Activity
Your answer should contain every line of the records, transcribed word for word.

(Data supplied)

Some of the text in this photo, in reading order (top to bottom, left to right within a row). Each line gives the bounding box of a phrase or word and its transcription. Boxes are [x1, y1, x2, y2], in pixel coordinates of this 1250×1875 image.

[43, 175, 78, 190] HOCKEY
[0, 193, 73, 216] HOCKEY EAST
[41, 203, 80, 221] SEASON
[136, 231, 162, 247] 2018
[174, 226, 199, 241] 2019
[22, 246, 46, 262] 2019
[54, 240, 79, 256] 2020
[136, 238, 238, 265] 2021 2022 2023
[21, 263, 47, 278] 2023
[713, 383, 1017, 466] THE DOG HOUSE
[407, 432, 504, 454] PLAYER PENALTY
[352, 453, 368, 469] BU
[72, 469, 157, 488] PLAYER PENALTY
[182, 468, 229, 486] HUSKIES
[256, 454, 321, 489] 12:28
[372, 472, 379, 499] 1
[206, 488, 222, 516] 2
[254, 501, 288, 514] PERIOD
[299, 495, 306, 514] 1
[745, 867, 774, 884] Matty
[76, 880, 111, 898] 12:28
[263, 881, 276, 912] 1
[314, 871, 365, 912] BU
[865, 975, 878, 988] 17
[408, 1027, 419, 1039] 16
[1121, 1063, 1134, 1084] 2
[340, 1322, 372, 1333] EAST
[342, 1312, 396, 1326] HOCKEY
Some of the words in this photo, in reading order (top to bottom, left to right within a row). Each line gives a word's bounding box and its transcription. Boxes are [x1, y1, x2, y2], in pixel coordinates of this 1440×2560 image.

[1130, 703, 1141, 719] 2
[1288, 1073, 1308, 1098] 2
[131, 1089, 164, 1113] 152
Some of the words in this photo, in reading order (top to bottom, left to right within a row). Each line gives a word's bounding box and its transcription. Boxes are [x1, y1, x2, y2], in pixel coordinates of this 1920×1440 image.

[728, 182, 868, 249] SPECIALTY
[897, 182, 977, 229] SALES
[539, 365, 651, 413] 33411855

(End Data supplied)

Exercise result
Some of the text in this photo, in reading order (top to bottom, left to right within a row). Each line gives the bounding box of a phrase or word and its transcription. Boxes are [x1, y1, x2, y2], in pixel coordinates of this 1250×1875 image.

[43, 175, 78, 190] HOCKEY
[0, 193, 73, 216] HOCKEY EAST
[41, 203, 80, 221] SEASON
[136, 231, 162, 247] 2018
[174, 226, 199, 241] 2019
[22, 246, 46, 262] 2019
[54, 240, 79, 256] 2020
[136, 238, 238, 265] 2021 2022 2023
[21, 263, 47, 278] 2023
[713, 383, 1017, 466] THE DOG HOUSE
[407, 432, 504, 454] PLAYER PENALTY
[352, 453, 368, 469] BU
[72, 469, 157, 488] PLAYER PENALTY
[182, 468, 229, 486] HUSKIES
[256, 454, 321, 489] 12:28
[372, 472, 379, 499] 1
[206, 488, 222, 516] 2
[254, 501, 288, 514] PERIOD
[299, 495, 306, 514] 1
[745, 867, 774, 884] Matty
[76, 880, 111, 898] 12:28
[263, 881, 276, 912] 1
[314, 871, 365, 912] BU
[865, 975, 878, 988] 17
[408, 1027, 419, 1039] 16
[1121, 1063, 1134, 1084] 2
[340, 1322, 372, 1333] EAST
[342, 1312, 396, 1326] HOCKEY
Some of the words in this photo, in reading order (top to bottom, left to right within a row). Each line gives a word's bounding box and its transcription. Boxes are [x1, y1, x2, y2], in pixel coordinates of this 1440×2560 image.

[1130, 703, 1141, 719] 2
[1288, 1073, 1308, 1098] 2
[131, 1089, 164, 1113] 152
Some of the words in this photo, in reading order (top to bottom, left to right within a row). Each line gives a word's bounding box and its transcription. Boxes are [x1, y1, x2, y2], in pixel coordinates of this 1920×1440 image.

[728, 182, 868, 249] SPECIALTY
[897, 182, 977, 229] SALES
[539, 365, 651, 413] 33411855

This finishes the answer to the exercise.